__Brief__: Print the entries verbatim, leaving out the images they contain.
_ _ _ _ _
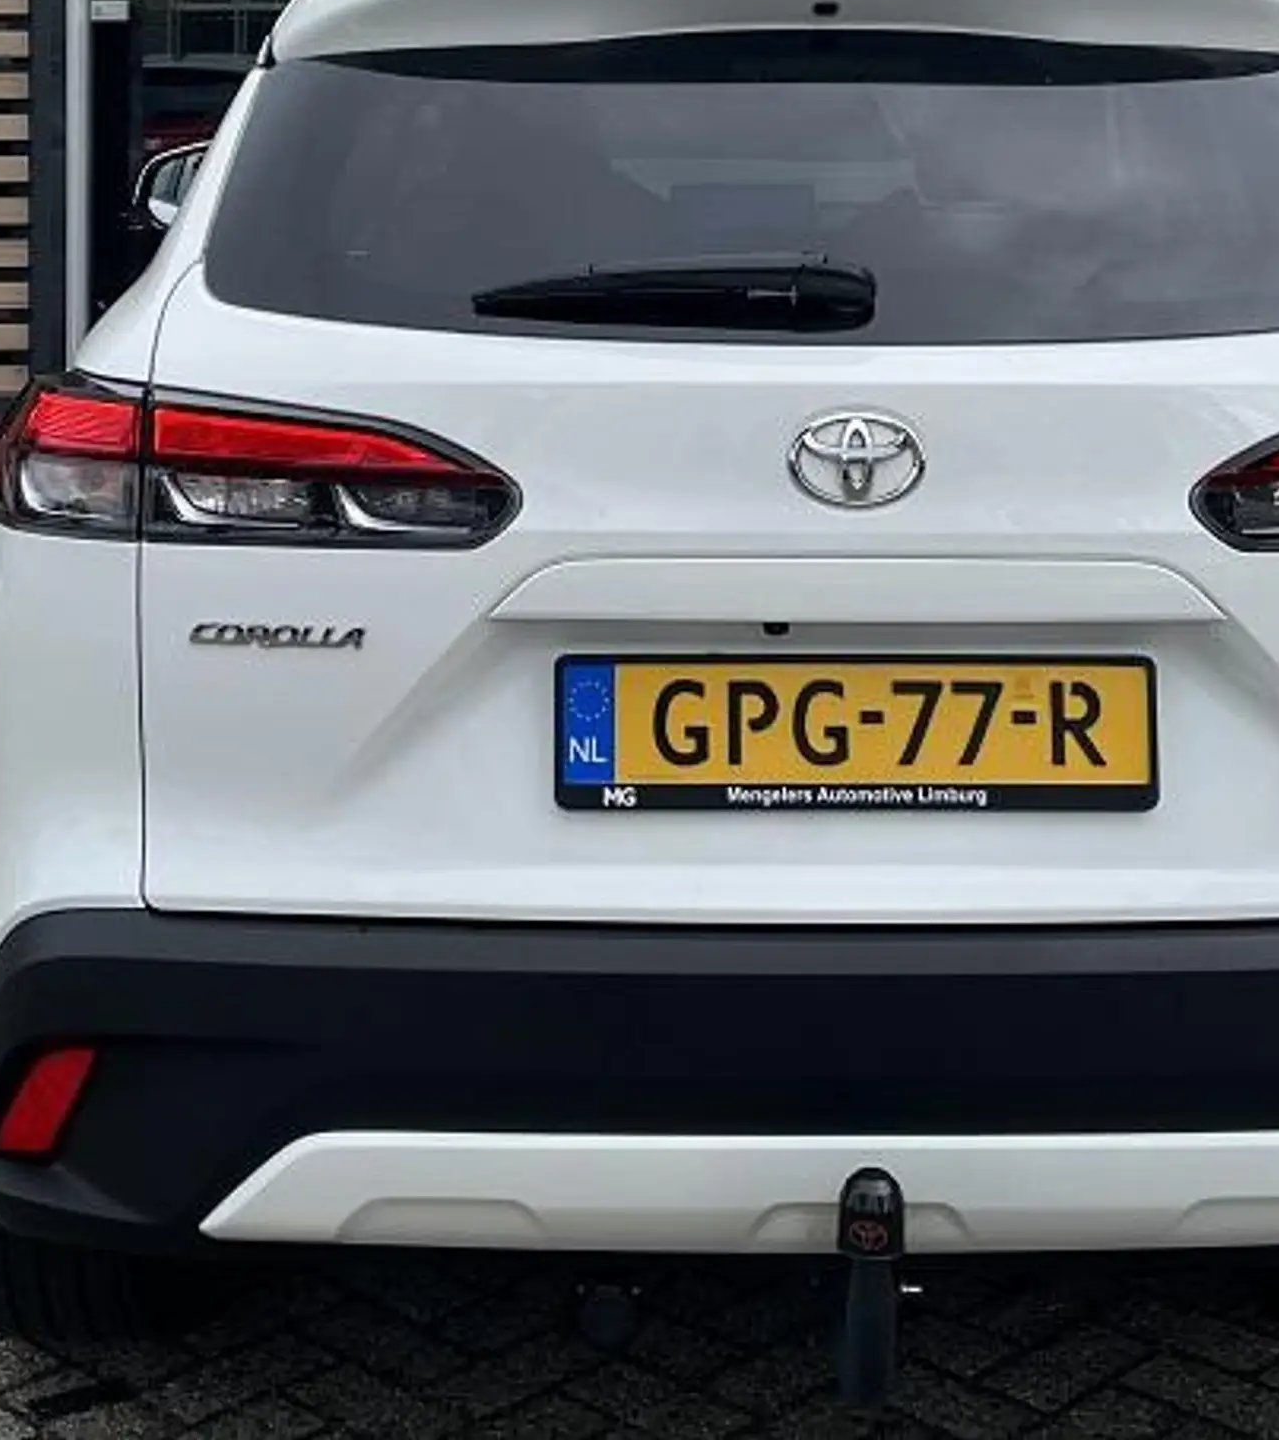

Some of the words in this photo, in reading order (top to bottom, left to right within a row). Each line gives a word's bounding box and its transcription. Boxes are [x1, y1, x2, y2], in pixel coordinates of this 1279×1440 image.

[189, 624, 366, 650] COROLLA
[652, 679, 1107, 766] GPG-77-R
[568, 735, 608, 764] NL
[602, 786, 638, 807] MG
[727, 786, 813, 807] Mengelers
[817, 786, 915, 804] Automotive
[918, 786, 987, 807] Limburg
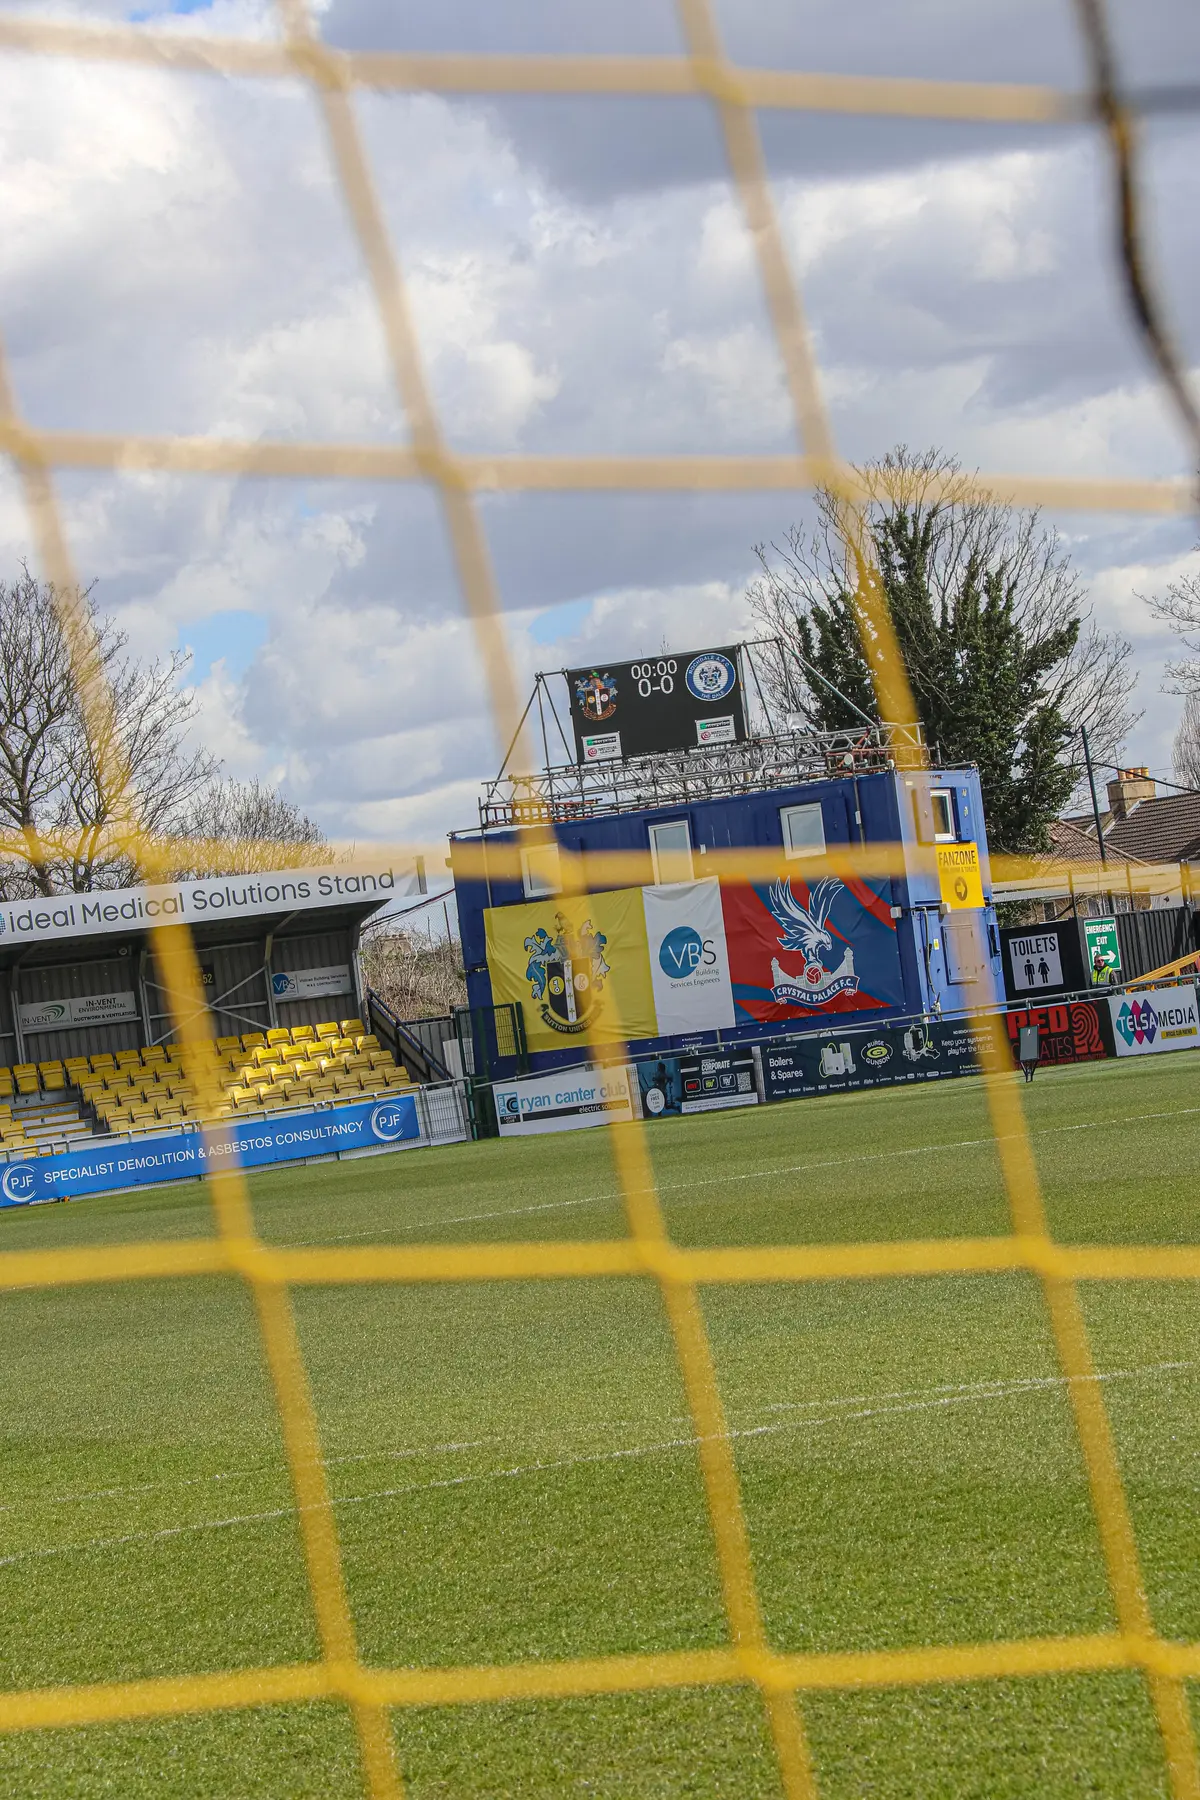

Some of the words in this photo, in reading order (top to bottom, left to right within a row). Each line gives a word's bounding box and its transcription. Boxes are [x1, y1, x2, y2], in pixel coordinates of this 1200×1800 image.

[631, 660, 678, 680] 00:00
[638, 675, 674, 697] 0-0
[938, 850, 977, 866] FANZONE
[9, 905, 76, 932] ideal
[82, 892, 185, 925] Medical
[193, 879, 311, 910] Solutions
[318, 868, 395, 896] Stand
[1086, 923, 1115, 934] EMERGENCY
[1011, 936, 1057, 957] TOILETS
[1096, 936, 1108, 945] EXIT
[668, 939, 716, 969] VBS
[273, 978, 296, 991] VBS
[670, 981, 693, 989] Services
[693, 978, 721, 987] Engineers
[776, 987, 811, 1001] CRYSTAL
[812, 982, 840, 1002] PALACE
[840, 978, 854, 988] F.C.
[78, 1003, 127, 1013] ENVIRONMENTAL
[85, 997, 117, 1007] IN-VENT
[21, 1015, 52, 1024] IN-VENT
[73, 1014, 101, 1022] DUCTWORK
[106, 1010, 136, 1019] VENTILATION
[543, 1013, 568, 1032] SUTTON
[568, 1019, 592, 1033] UNITED
[941, 1039, 954, 1047] Keep
[954, 1038, 966, 1046] your
[947, 1048, 960, 1056] play
[701, 1060, 731, 1072] CORPORATE
[769, 1057, 794, 1067] Boilers
[865, 1055, 891, 1066] GUNSON
[770, 1071, 778, 1080] &
[777, 1069, 804, 1081] Spares
[520, 1095, 551, 1113] ryan
[555, 1087, 596, 1105] canter
[599, 1080, 627, 1098] club
[579, 1104, 601, 1114] electric
[378, 1113, 401, 1129] PJF
[44, 1161, 115, 1183] SPECIALIST
[118, 1150, 195, 1172] DEMOLITION
[198, 1146, 207, 1159] &
[208, 1136, 273, 1157] ASBESTOS
[275, 1120, 364, 1146] CONSULTANCY
[10, 1174, 34, 1190] PJF
_ _ _ _ _
__Expected answer__:
Some of the words in this photo, in reading order (top to bottom, left to right within a row). Each line gives a word's bounding box and its transcription. Boxes are [x1, y1, x2, y2], in pixel coordinates of this 1279×1440 image.

[189, 624, 366, 650] COROLLA
[652, 679, 1107, 766] GPG-77-R
[568, 735, 608, 764] NL
[602, 786, 638, 807] MG
[727, 786, 813, 807] Mengelers
[817, 786, 915, 804] Automotive
[918, 786, 987, 807] Limburg

Some of the words in this photo, in reading order (top to bottom, left to right within a row). Each line gives a word's bounding box and its transcription. Boxes are [x1, y1, x2, y2], in pixel coordinates of this 1200×1800 image.

[631, 660, 678, 680] 00:00
[638, 675, 674, 697] 0-0
[938, 850, 977, 866] FANZONE
[9, 905, 76, 932] ideal
[82, 892, 185, 925] Medical
[193, 879, 311, 910] Solutions
[318, 868, 395, 896] Stand
[1086, 923, 1115, 934] EMERGENCY
[1011, 936, 1057, 957] TOILETS
[1096, 936, 1108, 945] EXIT
[668, 939, 716, 969] VBS
[273, 978, 296, 991] VBS
[670, 981, 693, 989] Services
[693, 978, 721, 987] Engineers
[776, 987, 811, 1001] CRYSTAL
[812, 982, 840, 1002] PALACE
[840, 978, 854, 988] F.C.
[78, 1003, 127, 1013] ENVIRONMENTAL
[85, 997, 117, 1007] IN-VENT
[21, 1015, 52, 1024] IN-VENT
[73, 1014, 101, 1022] DUCTWORK
[106, 1010, 136, 1019] VENTILATION
[543, 1013, 568, 1032] SUTTON
[568, 1019, 592, 1033] UNITED
[941, 1039, 954, 1047] Keep
[954, 1038, 966, 1046] your
[947, 1048, 960, 1056] play
[701, 1060, 731, 1072] CORPORATE
[769, 1057, 794, 1067] Boilers
[865, 1055, 891, 1066] GUNSON
[770, 1071, 778, 1080] &
[777, 1069, 804, 1081] Spares
[520, 1095, 551, 1113] ryan
[555, 1087, 596, 1105] canter
[599, 1080, 627, 1098] club
[579, 1104, 601, 1114] electric
[378, 1113, 401, 1129] PJF
[44, 1161, 115, 1183] SPECIALIST
[118, 1150, 195, 1172] DEMOLITION
[198, 1146, 207, 1159] &
[208, 1136, 273, 1157] ASBESTOS
[275, 1120, 364, 1146] CONSULTANCY
[10, 1174, 34, 1190] PJF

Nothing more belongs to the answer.